Problem description
Retype the listing exactly as it stands, and keep every image out.

Provided records

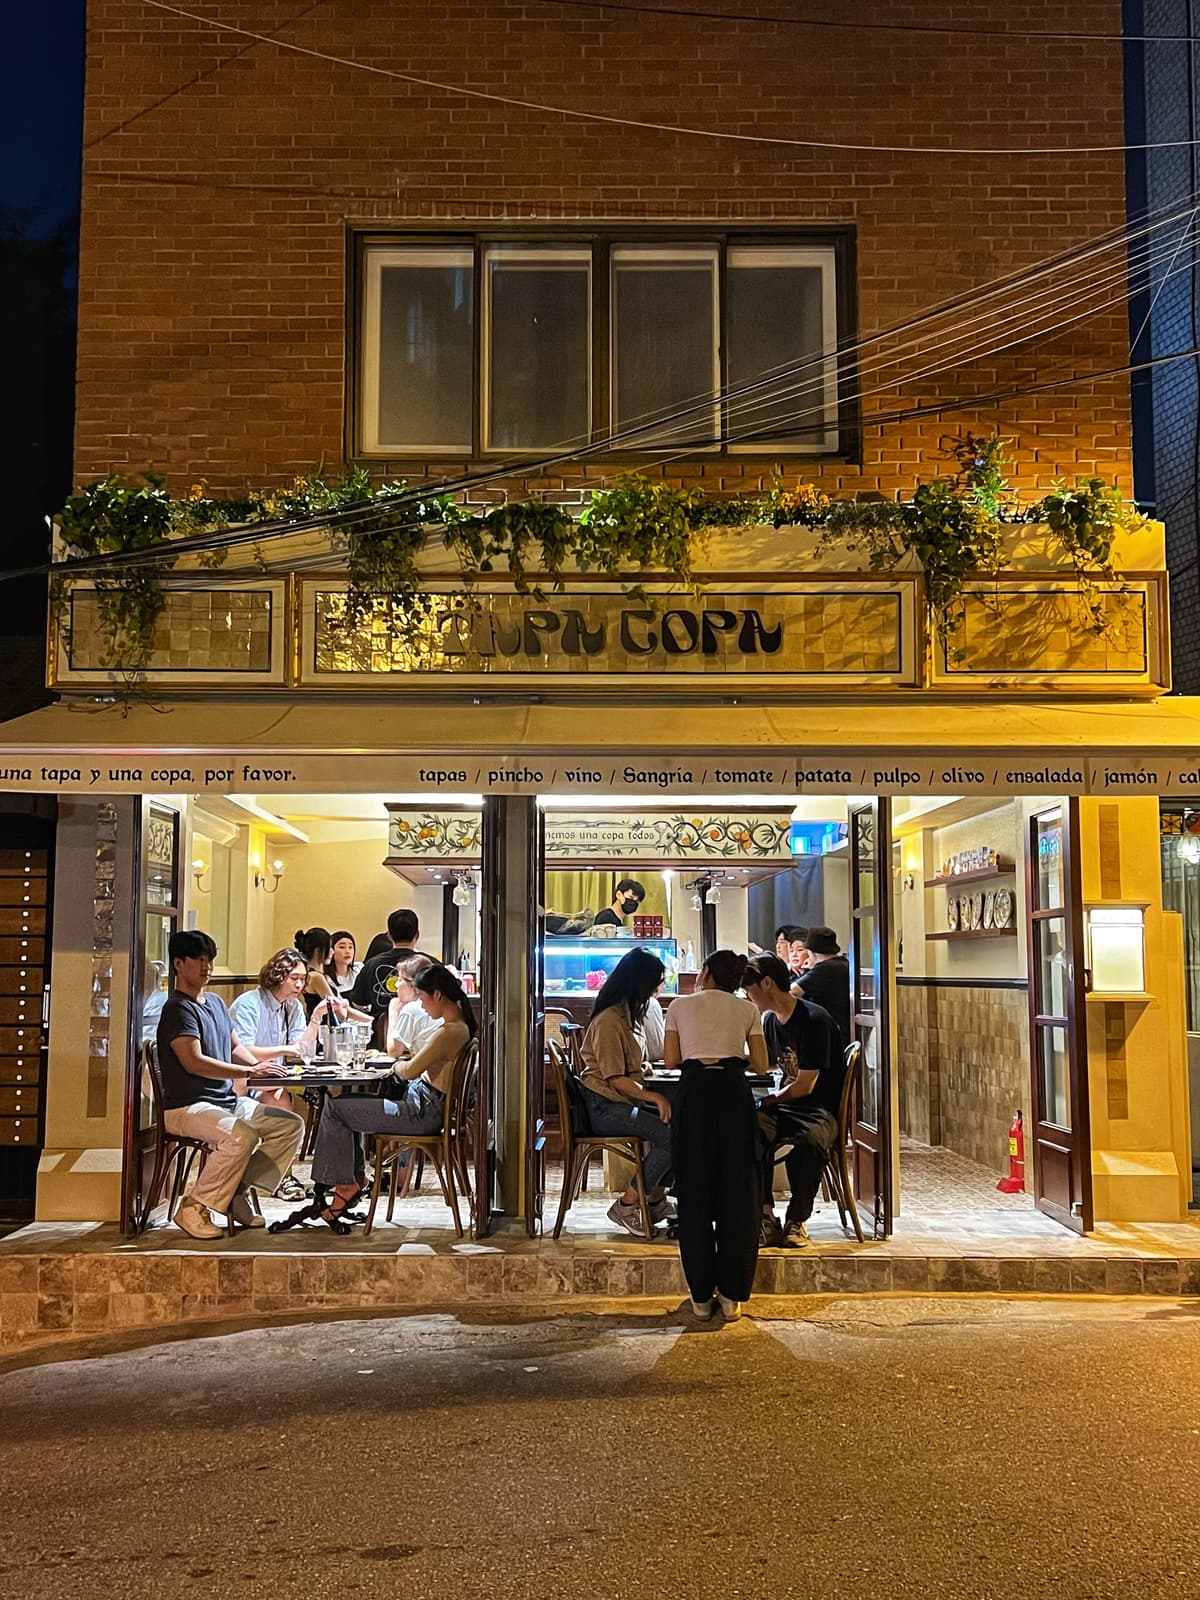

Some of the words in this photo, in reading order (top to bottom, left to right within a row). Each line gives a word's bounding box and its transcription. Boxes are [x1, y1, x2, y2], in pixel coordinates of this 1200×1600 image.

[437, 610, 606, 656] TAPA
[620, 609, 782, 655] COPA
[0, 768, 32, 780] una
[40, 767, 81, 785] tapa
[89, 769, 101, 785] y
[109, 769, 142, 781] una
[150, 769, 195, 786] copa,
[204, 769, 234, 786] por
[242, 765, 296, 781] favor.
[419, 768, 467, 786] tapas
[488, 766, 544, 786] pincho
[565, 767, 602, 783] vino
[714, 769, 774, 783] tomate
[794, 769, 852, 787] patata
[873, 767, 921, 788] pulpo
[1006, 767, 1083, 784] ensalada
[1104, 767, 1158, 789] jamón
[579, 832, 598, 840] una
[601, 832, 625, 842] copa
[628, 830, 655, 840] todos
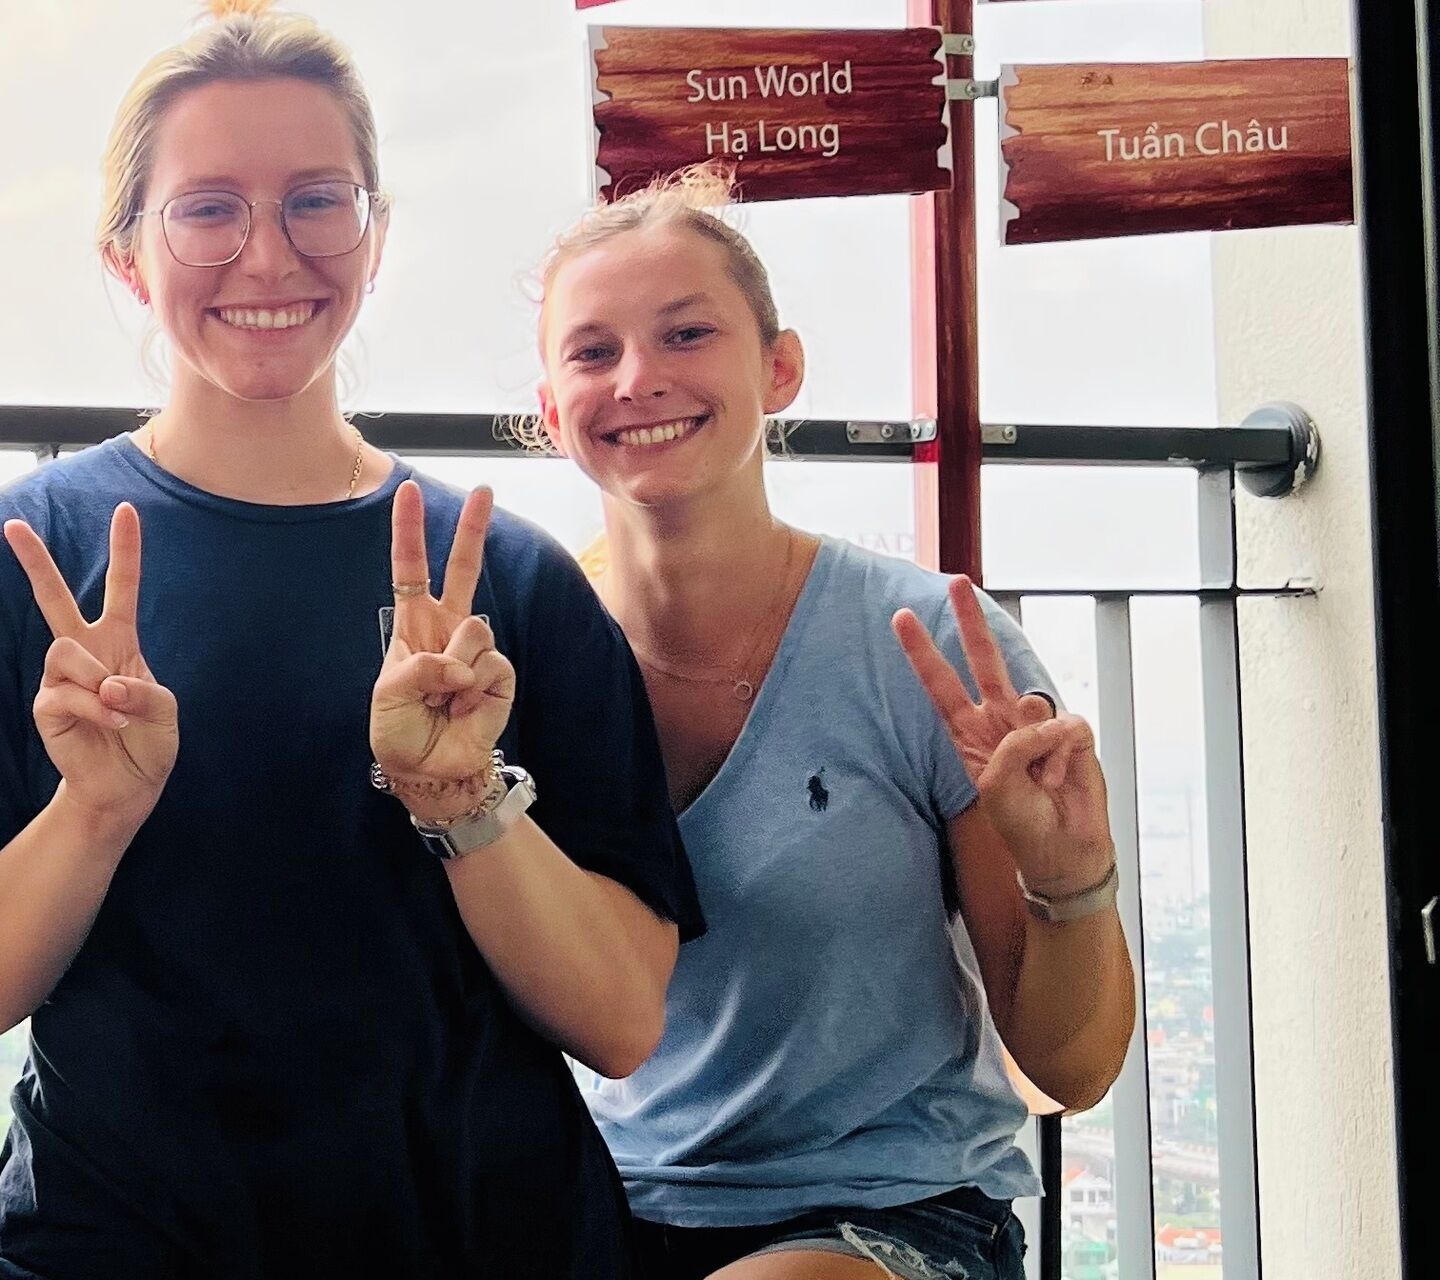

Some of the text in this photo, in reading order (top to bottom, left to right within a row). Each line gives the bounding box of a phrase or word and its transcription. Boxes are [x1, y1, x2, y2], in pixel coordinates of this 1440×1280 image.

Worked solution
Some of the words in this photo, in reading order (top to bottom, left to right within a row). Each line gives a word's bounding box and its transcription. Boxes are [x1, y1, x2, y2], in pixel coordinates of this 1200×1600 image.

[437, 610, 606, 656] TAPA
[620, 609, 782, 655] COPA
[0, 768, 32, 780] una
[40, 767, 81, 785] tapa
[89, 769, 101, 785] y
[109, 769, 142, 781] una
[150, 769, 195, 786] copa,
[204, 769, 234, 786] por
[242, 765, 296, 781] favor.
[419, 768, 467, 786] tapas
[488, 766, 544, 786] pincho
[565, 767, 602, 783] vino
[714, 769, 774, 783] tomate
[794, 769, 852, 787] patata
[873, 767, 921, 788] pulpo
[1006, 767, 1083, 784] ensalada
[1104, 767, 1158, 789] jamón
[579, 832, 598, 840] una
[601, 832, 625, 842] copa
[628, 830, 655, 840] todos

Some of the text in this photo, in reading order (top to bottom, left to right within a row). Each line gives the bounding box of a phrase or word and its transcription. Boxes are [x1, y1, x2, y2], in pixel coordinates of this 1440×1280 image.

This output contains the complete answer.